Please restate, word for word, the lines below that begin at the one with "this 1920×1280 image." and end at the one with "this 960×1280 image.". Leave out all other lines.
───── Exercise data
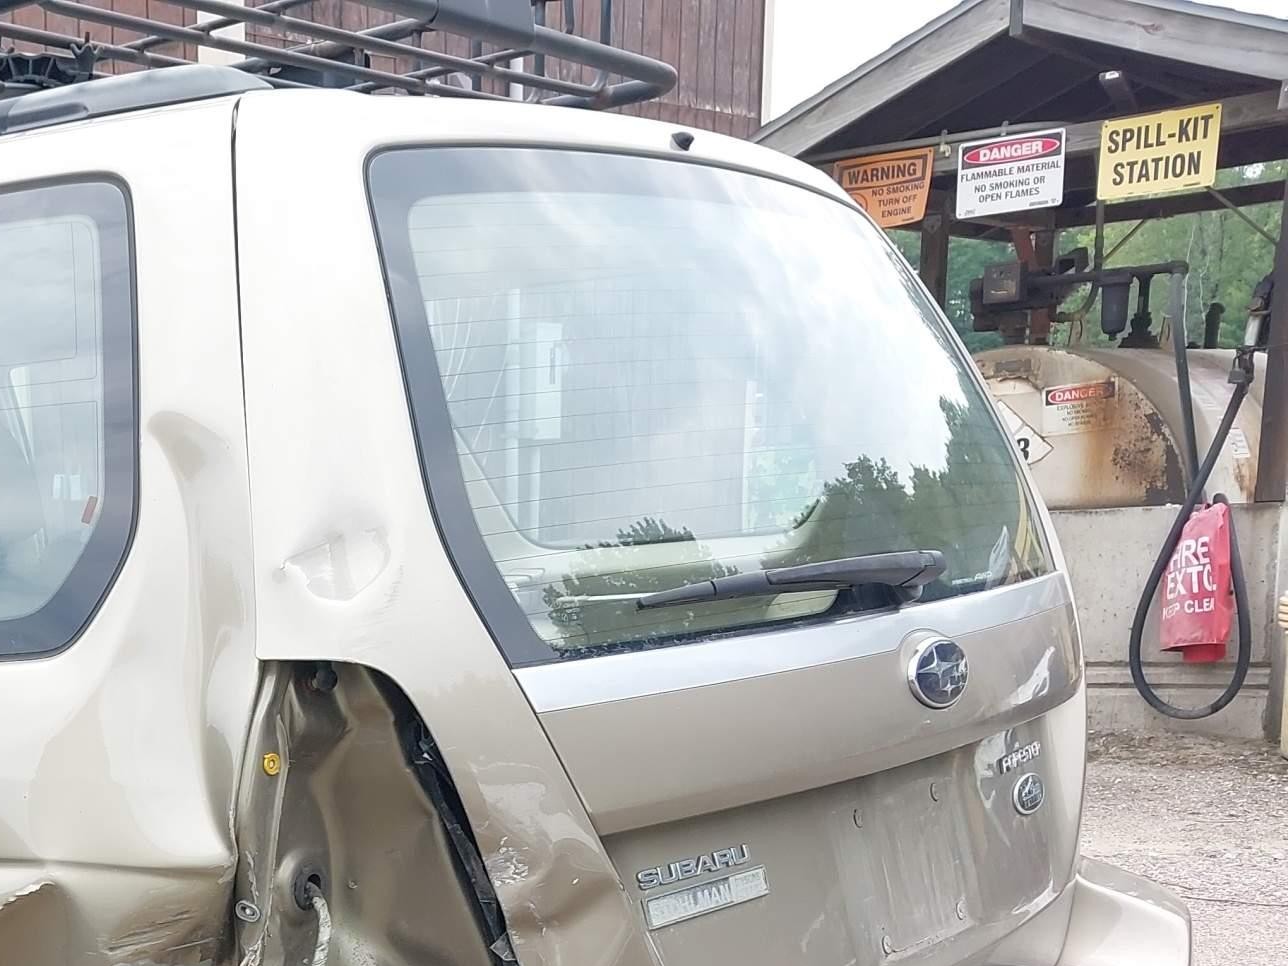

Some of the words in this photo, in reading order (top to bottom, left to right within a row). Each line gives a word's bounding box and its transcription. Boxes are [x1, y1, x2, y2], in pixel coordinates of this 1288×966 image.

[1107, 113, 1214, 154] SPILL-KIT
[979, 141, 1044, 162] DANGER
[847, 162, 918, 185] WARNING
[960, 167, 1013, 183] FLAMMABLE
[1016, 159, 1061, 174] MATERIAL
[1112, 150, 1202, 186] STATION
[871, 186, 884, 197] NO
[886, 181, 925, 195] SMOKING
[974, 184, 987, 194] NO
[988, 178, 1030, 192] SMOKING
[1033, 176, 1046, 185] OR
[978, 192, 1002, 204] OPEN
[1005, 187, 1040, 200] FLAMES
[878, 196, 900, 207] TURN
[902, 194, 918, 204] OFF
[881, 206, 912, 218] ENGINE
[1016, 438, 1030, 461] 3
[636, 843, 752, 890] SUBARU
──────────
───── Exercise data
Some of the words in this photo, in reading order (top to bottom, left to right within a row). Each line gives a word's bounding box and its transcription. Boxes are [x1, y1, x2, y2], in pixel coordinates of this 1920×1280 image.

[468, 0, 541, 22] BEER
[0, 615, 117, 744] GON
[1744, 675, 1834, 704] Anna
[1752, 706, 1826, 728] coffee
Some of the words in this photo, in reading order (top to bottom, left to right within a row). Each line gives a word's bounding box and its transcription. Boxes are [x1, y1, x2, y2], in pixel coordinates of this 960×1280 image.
──────────
───── Exercise data
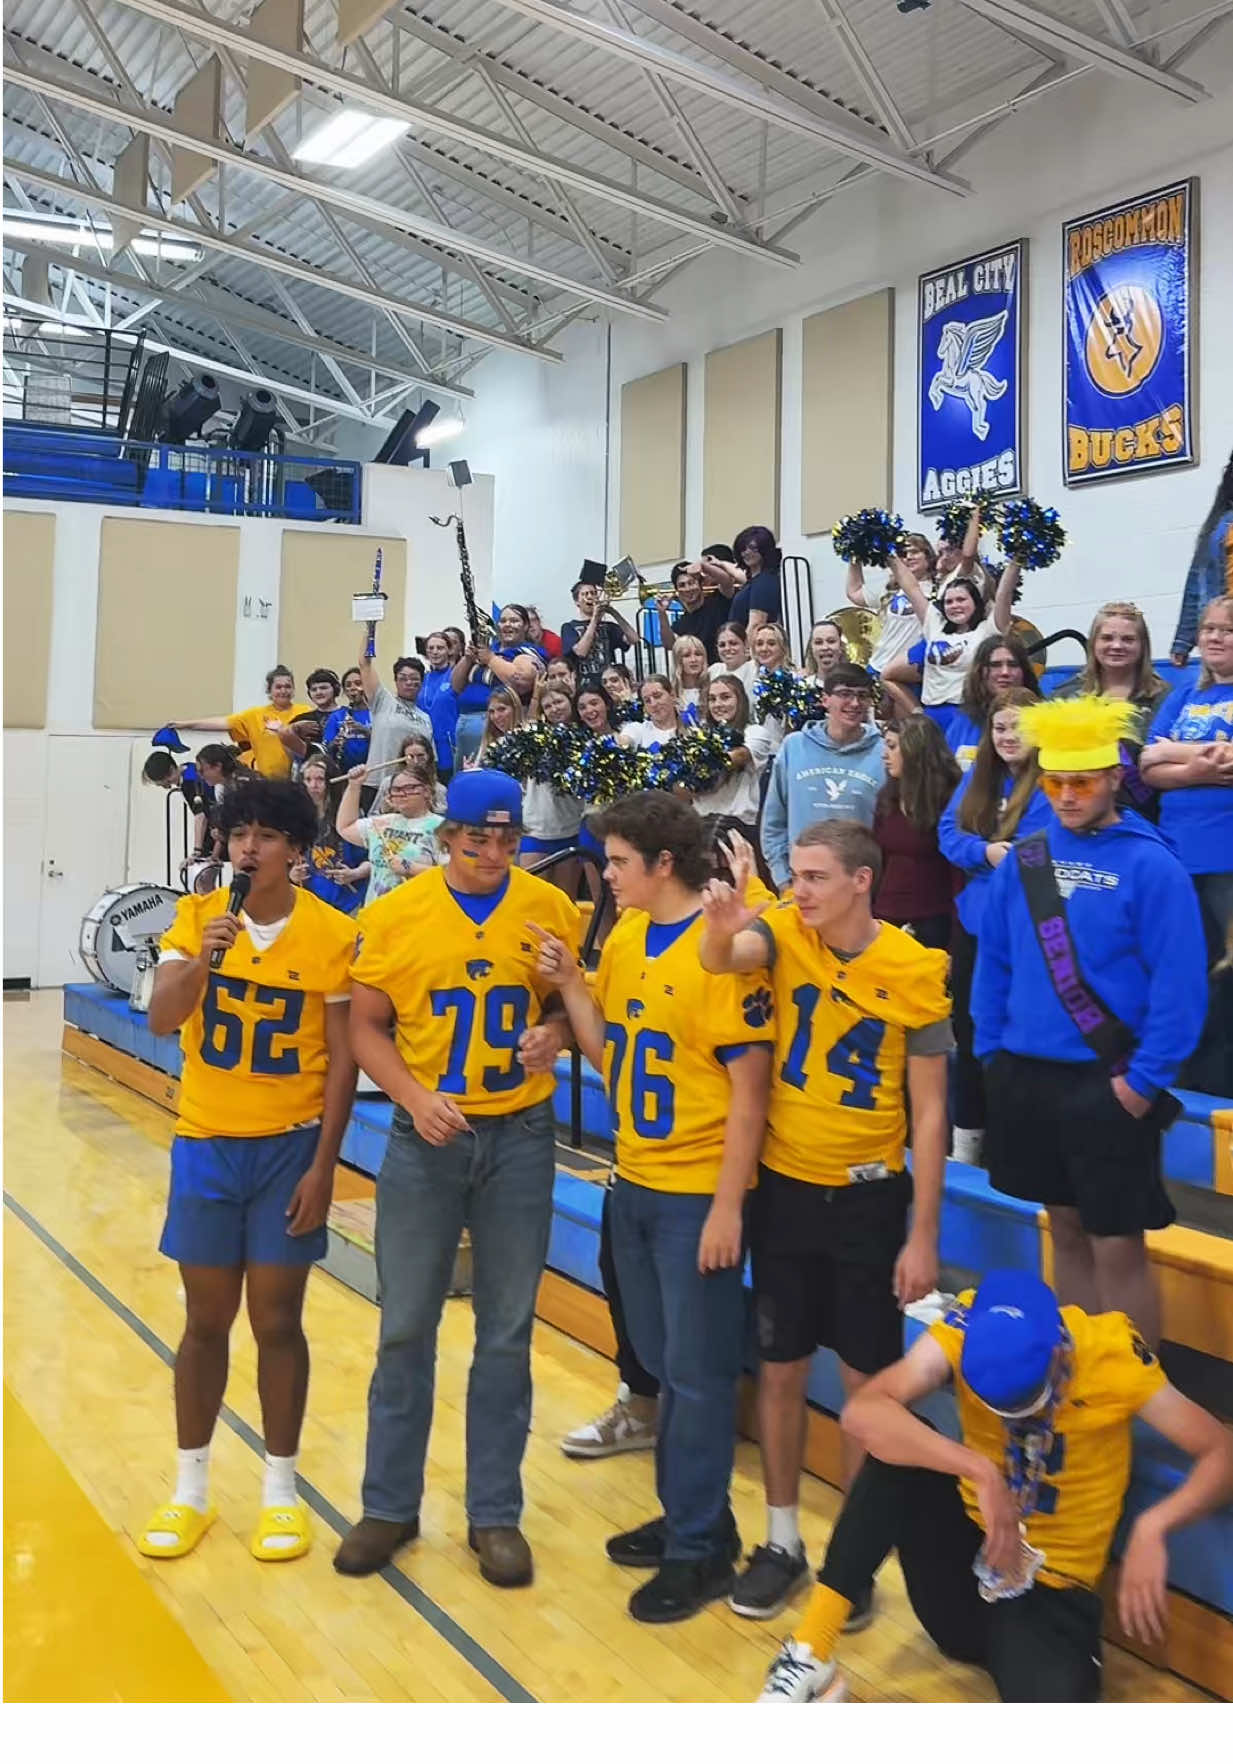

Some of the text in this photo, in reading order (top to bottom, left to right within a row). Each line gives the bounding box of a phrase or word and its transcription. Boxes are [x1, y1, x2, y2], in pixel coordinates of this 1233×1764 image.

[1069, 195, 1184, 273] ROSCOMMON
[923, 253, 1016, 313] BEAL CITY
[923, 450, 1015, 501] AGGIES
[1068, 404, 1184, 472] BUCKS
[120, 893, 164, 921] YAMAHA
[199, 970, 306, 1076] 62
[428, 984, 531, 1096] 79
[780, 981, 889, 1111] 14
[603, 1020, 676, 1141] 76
──────────
** Result for this task **
Some of the words in this photo, in reading order (top to bottom, left to right within a row). Each line gives a word's bounding box and its transcription. Boxes are [x1, y1, x2, y2], in pixel coordinates of this 1920×1280 image.

[468, 0, 541, 22] BEER
[0, 615, 117, 744] GON
[1744, 675, 1834, 704] Anna
[1752, 706, 1826, 728] coffee
Some of the words in this photo, in reading order (top to bottom, left to right within a row). Each line gives a word's bounding box and its transcription. Boxes are [x1, y1, x2, y2], in pixel coordinates of this 960×1280 image.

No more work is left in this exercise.